- _WHAT YOU HAVE TO DO_
Copy the data word for word, keeping every line.

- _Data excerpts_
━━━━━━━━

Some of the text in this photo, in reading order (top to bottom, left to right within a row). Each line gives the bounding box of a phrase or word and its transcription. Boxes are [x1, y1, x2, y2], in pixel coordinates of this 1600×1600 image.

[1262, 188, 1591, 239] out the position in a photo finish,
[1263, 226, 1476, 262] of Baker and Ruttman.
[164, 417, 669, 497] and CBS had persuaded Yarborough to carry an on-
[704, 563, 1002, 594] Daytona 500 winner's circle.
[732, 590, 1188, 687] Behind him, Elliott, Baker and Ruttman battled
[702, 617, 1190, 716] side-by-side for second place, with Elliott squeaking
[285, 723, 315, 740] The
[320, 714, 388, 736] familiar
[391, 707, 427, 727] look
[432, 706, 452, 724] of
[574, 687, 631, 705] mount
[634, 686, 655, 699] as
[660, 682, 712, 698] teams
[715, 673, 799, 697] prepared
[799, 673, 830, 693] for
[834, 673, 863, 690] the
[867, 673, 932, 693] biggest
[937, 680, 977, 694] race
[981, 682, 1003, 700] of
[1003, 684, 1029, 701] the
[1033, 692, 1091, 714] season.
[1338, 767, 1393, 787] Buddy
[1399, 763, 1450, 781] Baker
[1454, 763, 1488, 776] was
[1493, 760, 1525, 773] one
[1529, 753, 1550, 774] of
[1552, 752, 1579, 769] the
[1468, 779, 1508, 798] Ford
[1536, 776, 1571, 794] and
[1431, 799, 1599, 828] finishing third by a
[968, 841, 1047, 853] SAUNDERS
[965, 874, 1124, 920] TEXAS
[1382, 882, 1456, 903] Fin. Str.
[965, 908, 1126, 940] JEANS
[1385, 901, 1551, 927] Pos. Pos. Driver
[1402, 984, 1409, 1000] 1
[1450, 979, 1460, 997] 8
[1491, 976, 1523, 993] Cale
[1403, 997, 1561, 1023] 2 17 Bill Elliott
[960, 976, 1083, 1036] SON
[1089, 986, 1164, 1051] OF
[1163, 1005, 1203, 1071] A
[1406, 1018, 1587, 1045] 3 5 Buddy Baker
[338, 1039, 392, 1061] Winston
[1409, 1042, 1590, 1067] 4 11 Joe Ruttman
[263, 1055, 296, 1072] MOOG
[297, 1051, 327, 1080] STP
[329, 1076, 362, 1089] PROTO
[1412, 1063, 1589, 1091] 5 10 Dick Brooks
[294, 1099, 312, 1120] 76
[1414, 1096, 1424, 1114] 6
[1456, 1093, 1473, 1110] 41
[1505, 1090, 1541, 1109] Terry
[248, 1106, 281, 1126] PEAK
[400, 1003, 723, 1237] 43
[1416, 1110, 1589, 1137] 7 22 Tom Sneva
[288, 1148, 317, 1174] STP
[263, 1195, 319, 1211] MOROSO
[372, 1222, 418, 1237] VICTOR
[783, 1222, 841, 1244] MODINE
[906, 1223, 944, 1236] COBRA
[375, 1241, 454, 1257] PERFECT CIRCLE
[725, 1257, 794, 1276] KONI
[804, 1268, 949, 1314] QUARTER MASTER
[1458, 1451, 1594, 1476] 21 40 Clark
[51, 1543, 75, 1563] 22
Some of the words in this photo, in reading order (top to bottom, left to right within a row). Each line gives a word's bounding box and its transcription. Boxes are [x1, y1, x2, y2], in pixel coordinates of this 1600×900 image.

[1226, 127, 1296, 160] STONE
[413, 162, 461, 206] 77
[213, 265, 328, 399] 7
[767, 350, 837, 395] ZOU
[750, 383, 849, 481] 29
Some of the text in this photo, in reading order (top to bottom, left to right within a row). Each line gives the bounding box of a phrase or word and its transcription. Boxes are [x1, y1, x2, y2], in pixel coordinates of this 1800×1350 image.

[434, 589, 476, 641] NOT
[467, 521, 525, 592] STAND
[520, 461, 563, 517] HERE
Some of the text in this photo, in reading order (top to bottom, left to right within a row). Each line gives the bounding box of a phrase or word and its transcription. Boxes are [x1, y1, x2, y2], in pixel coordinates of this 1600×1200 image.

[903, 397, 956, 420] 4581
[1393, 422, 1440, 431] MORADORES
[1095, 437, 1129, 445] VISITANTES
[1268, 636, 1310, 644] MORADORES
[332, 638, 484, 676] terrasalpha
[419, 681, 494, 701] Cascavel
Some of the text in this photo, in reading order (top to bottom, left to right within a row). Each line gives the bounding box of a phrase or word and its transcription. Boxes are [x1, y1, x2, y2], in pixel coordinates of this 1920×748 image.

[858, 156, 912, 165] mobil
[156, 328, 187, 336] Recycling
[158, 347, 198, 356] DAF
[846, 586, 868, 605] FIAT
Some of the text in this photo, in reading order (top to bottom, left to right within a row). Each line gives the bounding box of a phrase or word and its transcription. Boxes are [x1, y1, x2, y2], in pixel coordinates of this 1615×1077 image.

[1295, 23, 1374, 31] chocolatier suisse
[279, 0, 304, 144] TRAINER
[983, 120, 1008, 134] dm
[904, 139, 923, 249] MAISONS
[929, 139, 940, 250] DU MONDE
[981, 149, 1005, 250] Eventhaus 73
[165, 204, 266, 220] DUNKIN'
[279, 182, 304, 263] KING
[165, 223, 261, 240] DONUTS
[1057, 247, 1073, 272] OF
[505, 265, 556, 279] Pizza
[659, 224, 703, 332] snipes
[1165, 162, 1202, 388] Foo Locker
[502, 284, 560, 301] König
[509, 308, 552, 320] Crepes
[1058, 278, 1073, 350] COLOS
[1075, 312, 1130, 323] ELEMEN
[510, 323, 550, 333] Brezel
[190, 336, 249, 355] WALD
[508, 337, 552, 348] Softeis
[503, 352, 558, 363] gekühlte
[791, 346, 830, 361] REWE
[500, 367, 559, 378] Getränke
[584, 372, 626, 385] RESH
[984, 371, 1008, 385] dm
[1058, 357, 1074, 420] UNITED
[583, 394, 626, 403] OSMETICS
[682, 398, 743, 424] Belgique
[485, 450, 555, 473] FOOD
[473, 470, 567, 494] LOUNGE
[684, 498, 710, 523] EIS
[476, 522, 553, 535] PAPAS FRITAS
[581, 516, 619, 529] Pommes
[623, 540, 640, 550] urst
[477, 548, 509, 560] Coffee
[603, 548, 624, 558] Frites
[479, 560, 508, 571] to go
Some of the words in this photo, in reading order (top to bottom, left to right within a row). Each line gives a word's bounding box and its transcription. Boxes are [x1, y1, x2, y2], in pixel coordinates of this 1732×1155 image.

━━━━━━━━

- _EXERCISE RESULT_
Some of the text in this photo, in reading order (top to bottom, left to right within a row). Each line gives the bounding box of a phrase or word and its transcription. Boxes are [x1, y1, x2, y2], in pixel coordinates of this 1600×1600 image.

[1262, 188, 1591, 239] out the position in a photo finish,
[1263, 226, 1476, 262] of Baker and Ruttman.
[164, 417, 669, 497] and CBS had persuaded Yarborough to carry an on-
[704, 563, 1002, 594] Daytona 500 winner's circle.
[732, 590, 1188, 687] Behind him, Elliott, Baker and Ruttman battled
[702, 617, 1190, 716] side-by-side for second place, with Elliott squeaking
[285, 723, 315, 740] The
[320, 714, 388, 736] familiar
[391, 707, 427, 727] look
[432, 706, 452, 724] of
[574, 687, 631, 705] mount
[634, 686, 655, 699] as
[660, 682, 712, 698] teams
[715, 673, 799, 697] prepared
[799, 673, 830, 693] for
[834, 673, 863, 690] the
[867, 673, 932, 693] biggest
[937, 680, 977, 694] race
[981, 682, 1003, 700] of
[1003, 684, 1029, 701] the
[1033, 692, 1091, 714] season.
[1338, 767, 1393, 787] Buddy
[1399, 763, 1450, 781] Baker
[1454, 763, 1488, 776] was
[1493, 760, 1525, 773] one
[1529, 753, 1550, 774] of
[1552, 752, 1579, 769] the
[1468, 779, 1508, 798] Ford
[1536, 776, 1571, 794] and
[1431, 799, 1599, 828] finishing third by a
[968, 841, 1047, 853] SAUNDERS
[965, 874, 1124, 920] TEXAS
[1382, 882, 1456, 903] Fin. Str.
[965, 908, 1126, 940] JEANS
[1385, 901, 1551, 927] Pos. Pos. Driver
[1402, 984, 1409, 1000] 1
[1450, 979, 1460, 997] 8
[1491, 976, 1523, 993] Cale
[1403, 997, 1561, 1023] 2 17 Bill Elliott
[960, 976, 1083, 1036] SON
[1089, 986, 1164, 1051] OF
[1163, 1005, 1203, 1071] A
[1406, 1018, 1587, 1045] 3 5 Buddy Baker
[338, 1039, 392, 1061] Winston
[1409, 1042, 1590, 1067] 4 11 Joe Ruttman
[263, 1055, 296, 1072] MOOG
[297, 1051, 327, 1080] STP
[329, 1076, 362, 1089] PROTO
[1412, 1063, 1589, 1091] 5 10 Dick Brooks
[294, 1099, 312, 1120] 76
[1414, 1096, 1424, 1114] 6
[1456, 1093, 1473, 1110] 41
[1505, 1090, 1541, 1109] Terry
[248, 1106, 281, 1126] PEAK
[400, 1003, 723, 1237] 43
[1416, 1110, 1589, 1137] 7 22 Tom Sneva
[288, 1148, 317, 1174] STP
[263, 1195, 319, 1211] MOROSO
[372, 1222, 418, 1237] VICTOR
[783, 1222, 841, 1244] MODINE
[906, 1223, 944, 1236] COBRA
[375, 1241, 454, 1257] PERFECT CIRCLE
[725, 1257, 794, 1276] KONI
[804, 1268, 949, 1314] QUARTER MASTER
[1458, 1451, 1594, 1476] 21 40 Clark
[51, 1543, 75, 1563] 22
Some of the words in this photo, in reading order (top to bottom, left to right within a row). Each line gives a word's bounding box and its transcription. Boxes are [x1, y1, x2, y2], in pixel coordinates of this 1600×900 image.

[1226, 127, 1296, 160] STONE
[413, 162, 461, 206] 77
[213, 265, 328, 399] 7
[767, 350, 837, 395] ZOU
[750, 383, 849, 481] 29
Some of the text in this photo, in reading order (top to bottom, left to right within a row). Each line gives the bounding box of a phrase or word and its transcription. Boxes are [x1, y1, x2, y2], in pixel coordinates of this 1800×1350 image.

[434, 589, 476, 641] NOT
[467, 521, 525, 592] STAND
[520, 461, 563, 517] HERE
Some of the text in this photo, in reading order (top to bottom, left to right within a row). Each line gives the bounding box of a phrase or word and its transcription. Boxes are [x1, y1, x2, y2], in pixel coordinates of this 1600×1200 image.

[903, 397, 956, 420] 4581
[1393, 422, 1440, 431] MORADORES
[1095, 437, 1129, 445] VISITANTES
[1268, 636, 1310, 644] MORADORES
[332, 638, 484, 676] terrasalpha
[419, 681, 494, 701] Cascavel
Some of the text in this photo, in reading order (top to bottom, left to right within a row). Each line gives the bounding box of a phrase or word and its transcription. Boxes are [x1, y1, x2, y2], in pixel coordinates of this 1920×748 image.

[858, 156, 912, 165] mobil
[156, 328, 187, 336] Recycling
[158, 347, 198, 356] DAF
[846, 586, 868, 605] FIAT
Some of the text in this photo, in reading order (top to bottom, left to right within a row). Each line gives the bounding box of a phrase or word and its transcription. Boxes are [x1, y1, x2, y2], in pixel coordinates of this 1615×1077 image.

[1295, 23, 1374, 31] chocolatier suisse
[279, 0, 304, 144] TRAINER
[983, 120, 1008, 134] dm
[904, 139, 923, 249] MAISONS
[929, 139, 940, 250] DU MONDE
[981, 149, 1005, 250] Eventhaus 73
[165, 204, 266, 220] DUNKIN'
[279, 182, 304, 263] KING
[165, 223, 261, 240] DONUTS
[1057, 247, 1073, 272] OF
[505, 265, 556, 279] Pizza
[659, 224, 703, 332] snipes
[1165, 162, 1202, 388] Foo Locker
[502, 284, 560, 301] König
[509, 308, 552, 320] Crepes
[1058, 278, 1073, 350] COLOS
[1075, 312, 1130, 323] ELEMEN
[510, 323, 550, 333] Brezel
[190, 336, 249, 355] WALD
[508, 337, 552, 348] Softeis
[503, 352, 558, 363] gekühlte
[791, 346, 830, 361] REWE
[500, 367, 559, 378] Getränke
[584, 372, 626, 385] RESH
[984, 371, 1008, 385] dm
[1058, 357, 1074, 420] UNITED
[583, 394, 626, 403] OSMETICS
[682, 398, 743, 424] Belgique
[485, 450, 555, 473] FOOD
[473, 470, 567, 494] LOUNGE
[684, 498, 710, 523] EIS
[476, 522, 553, 535] PAPAS FRITAS
[581, 516, 619, 529] Pommes
[623, 540, 640, 550] urst
[477, 548, 509, 560] Coffee
[603, 548, 624, 558] Frites
[479, 560, 508, 571] to go
Some of the words in this photo, in reading order (top to bottom, left to right within a row). Each line gives a word's bounding box and its transcription. Boxes are [x1, y1, x2, y2], in pixel coordinates of this 1732×1155 image.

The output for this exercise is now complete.